_EXERCISE PROMPT_
Output every record exactly and leave each picture out.

_Entries taken from a collection_
# # #

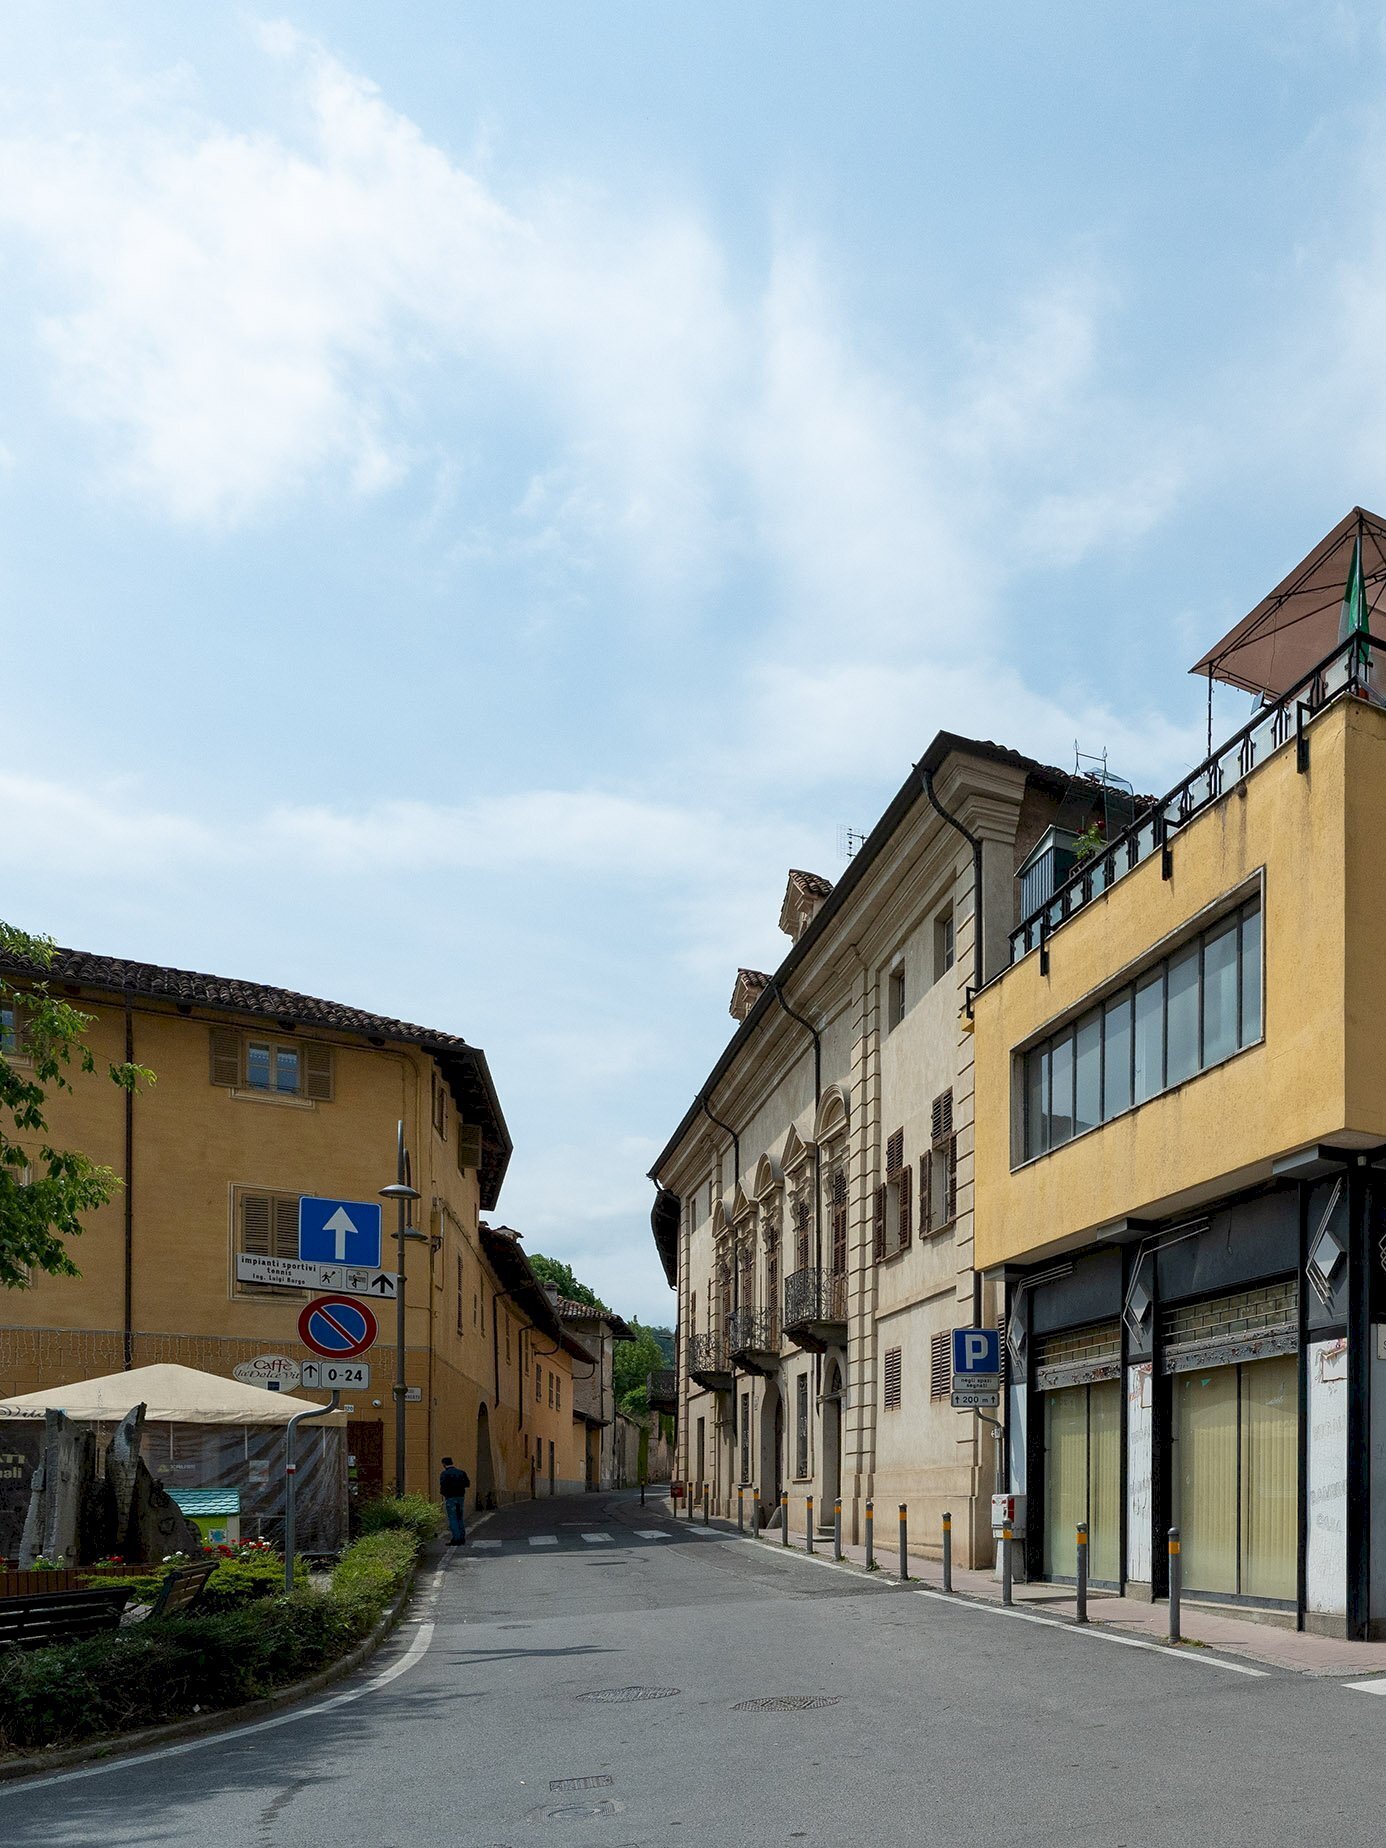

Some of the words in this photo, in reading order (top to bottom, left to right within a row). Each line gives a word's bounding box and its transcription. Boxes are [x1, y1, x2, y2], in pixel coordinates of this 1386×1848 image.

[241, 1256, 280, 1268] impianti
[282, 1263, 317, 1272] sportivi
[267, 1267, 292, 1277] tennis
[965, 1334, 988, 1370] P
[253, 1359, 293, 1373] Caffè
[328, 1369, 363, 1382] 0-24
[963, 1396, 979, 1404] 200
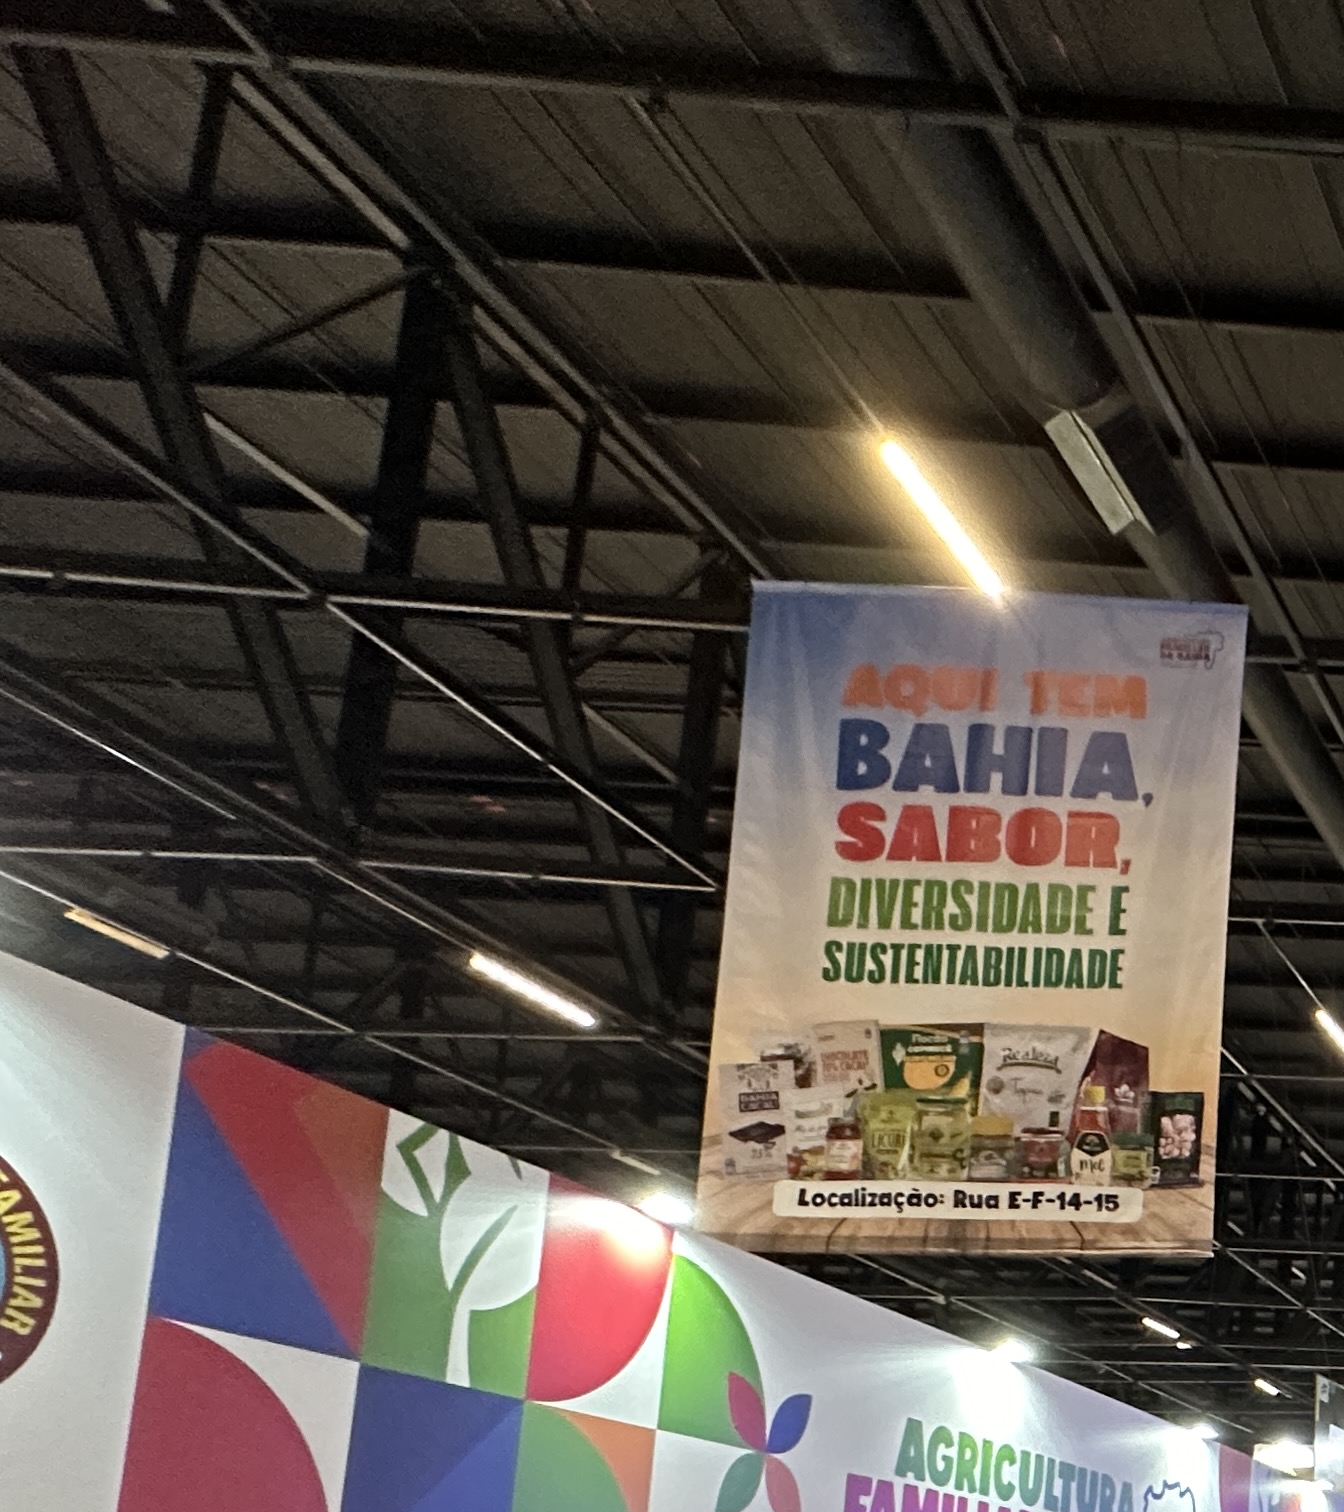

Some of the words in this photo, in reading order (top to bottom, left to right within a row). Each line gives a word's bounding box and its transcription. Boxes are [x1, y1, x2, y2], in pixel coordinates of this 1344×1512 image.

[842, 662, 998, 716] AQUI
[1024, 669, 1148, 719] TEM
[835, 718, 1154, 807] BAHIA,
[835, 802, 1132, 875] SABOR,
[826, 876, 1096, 936] DIVERSIDADE
[1109, 885, 1129, 936] E
[822, 941, 1125, 990] SUSTENTABILIDADE
[798, 1187, 946, 1213] Localização:
[953, 1190, 1000, 1211] Rua
[1007, 1192, 1120, 1212] E-F-14-15
[0, 1168, 47, 1336] AMILIAR

# # #

_TASK ANSWER_
Some of the words in this photo, in reading order (top to bottom, left to right within a row). Each line gives a word's bounding box and its transcription. Boxes are [x1, y1, x2, y2], in pixel coordinates of this 1386×1848 image.

[241, 1256, 280, 1268] impianti
[282, 1263, 317, 1272] sportivi
[267, 1267, 292, 1277] tennis
[965, 1334, 988, 1370] P
[253, 1359, 293, 1373] Caffè
[328, 1369, 363, 1382] 0-24
[963, 1396, 979, 1404] 200

Some of the words in this photo, in reading order (top to bottom, left to right within a row). Each line gives a word's bounding box and its transcription. Boxes are [x1, y1, x2, y2], in pixel coordinates of this 1344×1512 image.

[842, 662, 998, 716] AQUI
[1024, 669, 1148, 719] TEM
[835, 718, 1154, 807] BAHIA,
[835, 802, 1132, 875] SABOR,
[826, 876, 1096, 936] DIVERSIDADE
[1109, 885, 1129, 936] E
[822, 941, 1125, 990] SUSTENTABILIDADE
[798, 1187, 946, 1213] Localização:
[953, 1190, 1000, 1211] Rua
[1007, 1192, 1120, 1212] E-F-14-15
[0, 1168, 47, 1336] AMILIAR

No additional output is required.